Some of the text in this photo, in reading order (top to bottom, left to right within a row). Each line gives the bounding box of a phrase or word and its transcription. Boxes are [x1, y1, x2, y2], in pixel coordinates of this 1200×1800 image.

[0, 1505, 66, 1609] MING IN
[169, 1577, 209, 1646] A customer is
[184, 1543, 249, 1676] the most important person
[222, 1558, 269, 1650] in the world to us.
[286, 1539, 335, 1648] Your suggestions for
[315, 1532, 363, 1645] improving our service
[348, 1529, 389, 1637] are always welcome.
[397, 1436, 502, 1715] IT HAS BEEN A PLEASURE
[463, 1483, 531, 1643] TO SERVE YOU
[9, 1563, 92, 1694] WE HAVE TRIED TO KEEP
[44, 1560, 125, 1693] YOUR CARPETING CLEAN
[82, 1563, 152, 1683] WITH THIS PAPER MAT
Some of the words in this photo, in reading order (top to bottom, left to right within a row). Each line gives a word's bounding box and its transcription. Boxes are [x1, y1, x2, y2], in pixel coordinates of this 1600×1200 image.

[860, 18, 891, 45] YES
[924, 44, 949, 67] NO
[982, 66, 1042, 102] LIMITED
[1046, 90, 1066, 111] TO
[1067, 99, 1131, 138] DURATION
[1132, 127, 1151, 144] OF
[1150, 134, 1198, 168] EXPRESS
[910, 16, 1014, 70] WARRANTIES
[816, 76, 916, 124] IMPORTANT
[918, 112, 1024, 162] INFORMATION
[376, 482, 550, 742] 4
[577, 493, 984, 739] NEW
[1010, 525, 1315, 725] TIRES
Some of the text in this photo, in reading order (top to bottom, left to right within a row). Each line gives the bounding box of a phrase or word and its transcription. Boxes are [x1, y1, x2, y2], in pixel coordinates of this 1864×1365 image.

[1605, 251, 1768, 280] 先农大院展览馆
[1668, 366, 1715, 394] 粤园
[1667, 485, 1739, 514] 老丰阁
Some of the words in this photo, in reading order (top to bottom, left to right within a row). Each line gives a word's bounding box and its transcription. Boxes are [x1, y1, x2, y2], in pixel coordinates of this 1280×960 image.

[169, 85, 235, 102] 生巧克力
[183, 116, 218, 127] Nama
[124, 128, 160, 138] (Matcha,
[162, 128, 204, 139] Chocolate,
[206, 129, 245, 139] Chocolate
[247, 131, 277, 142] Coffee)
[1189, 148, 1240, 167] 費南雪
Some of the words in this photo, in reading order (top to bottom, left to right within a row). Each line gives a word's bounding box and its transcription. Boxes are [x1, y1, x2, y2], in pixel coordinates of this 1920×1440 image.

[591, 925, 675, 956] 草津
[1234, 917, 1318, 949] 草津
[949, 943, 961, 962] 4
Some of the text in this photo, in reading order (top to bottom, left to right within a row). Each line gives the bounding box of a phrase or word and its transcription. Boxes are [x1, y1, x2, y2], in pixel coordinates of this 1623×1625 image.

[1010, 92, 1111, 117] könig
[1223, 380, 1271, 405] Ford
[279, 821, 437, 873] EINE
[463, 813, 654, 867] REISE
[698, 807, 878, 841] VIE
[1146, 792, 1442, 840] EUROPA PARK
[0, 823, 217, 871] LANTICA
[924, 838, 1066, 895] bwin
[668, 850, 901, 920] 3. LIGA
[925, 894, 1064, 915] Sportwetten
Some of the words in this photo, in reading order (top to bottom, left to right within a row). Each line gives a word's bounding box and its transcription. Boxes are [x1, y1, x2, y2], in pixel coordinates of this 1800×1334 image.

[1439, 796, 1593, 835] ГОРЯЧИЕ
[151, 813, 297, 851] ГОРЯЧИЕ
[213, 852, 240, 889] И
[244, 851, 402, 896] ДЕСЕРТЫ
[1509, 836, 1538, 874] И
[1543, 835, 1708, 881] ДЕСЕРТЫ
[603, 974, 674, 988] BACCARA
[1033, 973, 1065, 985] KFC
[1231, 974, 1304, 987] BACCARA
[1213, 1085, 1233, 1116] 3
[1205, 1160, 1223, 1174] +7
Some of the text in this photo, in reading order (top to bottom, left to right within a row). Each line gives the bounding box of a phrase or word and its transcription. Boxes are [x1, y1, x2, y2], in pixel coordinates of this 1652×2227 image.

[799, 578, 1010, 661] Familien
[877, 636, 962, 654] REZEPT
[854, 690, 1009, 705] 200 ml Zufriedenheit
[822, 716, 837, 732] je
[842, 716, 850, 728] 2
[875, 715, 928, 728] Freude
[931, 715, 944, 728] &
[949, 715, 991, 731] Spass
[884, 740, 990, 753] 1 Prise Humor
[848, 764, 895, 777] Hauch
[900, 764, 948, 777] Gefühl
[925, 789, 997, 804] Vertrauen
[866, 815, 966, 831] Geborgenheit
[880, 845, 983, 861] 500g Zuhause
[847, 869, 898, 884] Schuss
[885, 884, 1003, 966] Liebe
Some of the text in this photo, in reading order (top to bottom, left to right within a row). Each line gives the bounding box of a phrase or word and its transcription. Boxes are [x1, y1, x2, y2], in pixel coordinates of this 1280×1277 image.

Exercise prompt:
Output the whole of the material above, exactly.

The answer:
Some of the text in this photo, in reading order (top to bottom, left to right within a row). Each line gives the bounding box of a phrase or word and its transcription. Boxes are [x1, y1, x2, y2], in pixel coordinates of this 1200×1800 image.

[0, 1505, 66, 1609] MING IN
[169, 1577, 209, 1646] A customer is
[184, 1543, 249, 1676] the most important person
[222, 1558, 269, 1650] in the world to us.
[286, 1539, 335, 1648] Your suggestions for
[315, 1532, 363, 1645] improving our service
[348, 1529, 389, 1637] are always welcome.
[397, 1436, 502, 1715] IT HAS BEEN A PLEASURE
[463, 1483, 531, 1643] TO SERVE YOU
[9, 1563, 92, 1694] WE HAVE TRIED TO KEEP
[44, 1560, 125, 1693] YOUR CARPETING CLEAN
[82, 1563, 152, 1683] WITH THIS PAPER MAT
Some of the words in this photo, in reading order (top to bottom, left to right within a row). Each line gives a word's bounding box and its transcription. Boxes are [x1, y1, x2, y2], in pixel coordinates of this 1600×1200 image.

[860, 18, 891, 45] YES
[924, 44, 949, 67] NO
[982, 66, 1042, 102] LIMITED
[1046, 90, 1066, 111] TO
[1067, 99, 1131, 138] DURATION
[1132, 127, 1151, 144] OF
[1150, 134, 1198, 168] EXPRESS
[910, 16, 1014, 70] WARRANTIES
[816, 76, 916, 124] IMPORTANT
[918, 112, 1024, 162] INFORMATION
[376, 482, 550, 742] 4
[577, 493, 984, 739] NEW
[1010, 525, 1315, 725] TIRES
Some of the text in this photo, in reading order (top to bottom, left to right within a row). Each line gives the bounding box of a phrase or word and its transcription. Boxes are [x1, y1, x2, y2], in pixel coordinates of this 1864×1365 image.

[1605, 251, 1768, 280] 先农大院展览馆
[1668, 366, 1715, 394] 粤园
[1667, 485, 1739, 514] 老丰阁
Some of the words in this photo, in reading order (top to bottom, left to right within a row). Each line gives a word's bounding box and its transcription. Boxes are [x1, y1, x2, y2], in pixel coordinates of this 1280×960 image.

[169, 85, 235, 102] 生巧克力
[183, 116, 218, 127] Nama
[124, 128, 160, 138] (Matcha,
[162, 128, 204, 139] Chocolate,
[206, 129, 245, 139] Chocolate
[247, 131, 277, 142] Coffee)
[1189, 148, 1240, 167] 費南雪
Some of the words in this photo, in reading order (top to bottom, left to right within a row). Each line gives a word's bounding box and its transcription. Boxes are [x1, y1, x2, y2], in pixel coordinates of this 1920×1440 image.

[591, 925, 675, 956] 草津
[1234, 917, 1318, 949] 草津
[949, 943, 961, 962] 4
Some of the text in this photo, in reading order (top to bottom, left to right within a row). Each line gives the bounding box of a phrase or word and its transcription. Boxes are [x1, y1, x2, y2], in pixel coordinates of this 1623×1625 image.

[1010, 92, 1111, 117] könig
[1223, 380, 1271, 405] Ford
[279, 821, 437, 873] EINE
[463, 813, 654, 867] REISE
[698, 807, 878, 841] VIE
[1146, 792, 1442, 840] EUROPA PARK
[0, 823, 217, 871] LANTICA
[924, 838, 1066, 895] bwin
[668, 850, 901, 920] 3. LIGA
[925, 894, 1064, 915] Sportwetten
Some of the words in this photo, in reading order (top to bottom, left to right within a row). Each line gives a word's bounding box and its transcription. Boxes are [x1, y1, x2, y2], in pixel coordinates of this 1800×1334 image.

[1439, 796, 1593, 835] ГОРЯЧИЕ
[151, 813, 297, 851] ГОРЯЧИЕ
[213, 852, 240, 889] И
[244, 851, 402, 896] ДЕСЕРТЫ
[1509, 836, 1538, 874] И
[1543, 835, 1708, 881] ДЕСЕРТЫ
[603, 974, 674, 988] BACCARA
[1033, 973, 1065, 985] KFC
[1231, 974, 1304, 987] BACCARA
[1213, 1085, 1233, 1116] 3
[1205, 1160, 1223, 1174] +7
Some of the text in this photo, in reading order (top to bottom, left to right within a row). Each line gives the bounding box of a phrase or word and its transcription. Boxes are [x1, y1, x2, y2], in pixel coordinates of this 1652×2227 image.

[799, 578, 1010, 661] Familien
[877, 636, 962, 654] REZEPT
[854, 690, 1009, 705] 200 ml Zufriedenheit
[822, 716, 837, 732] je
[842, 716, 850, 728] 2
[875, 715, 928, 728] Freude
[931, 715, 944, 728] &
[949, 715, 991, 731] Spass
[884, 740, 990, 753] 1 Prise Humor
[848, 764, 895, 777] Hauch
[900, 764, 948, 777] Gefühl
[925, 789, 997, 804] Vertrauen
[866, 815, 966, 831] Geborgenheit
[880, 845, 983, 861] 500g Zuhause
[847, 869, 898, 884] Schuss
[885, 884, 1003, 966] Liebe
Some of the text in this photo, in reading order (top to bottom, left to right within a row). Each line gives the bounding box of a phrase or word and its transcription. Boxes are [x1, y1, x2, y2], in pixel coordinates of this 1280×1277 image.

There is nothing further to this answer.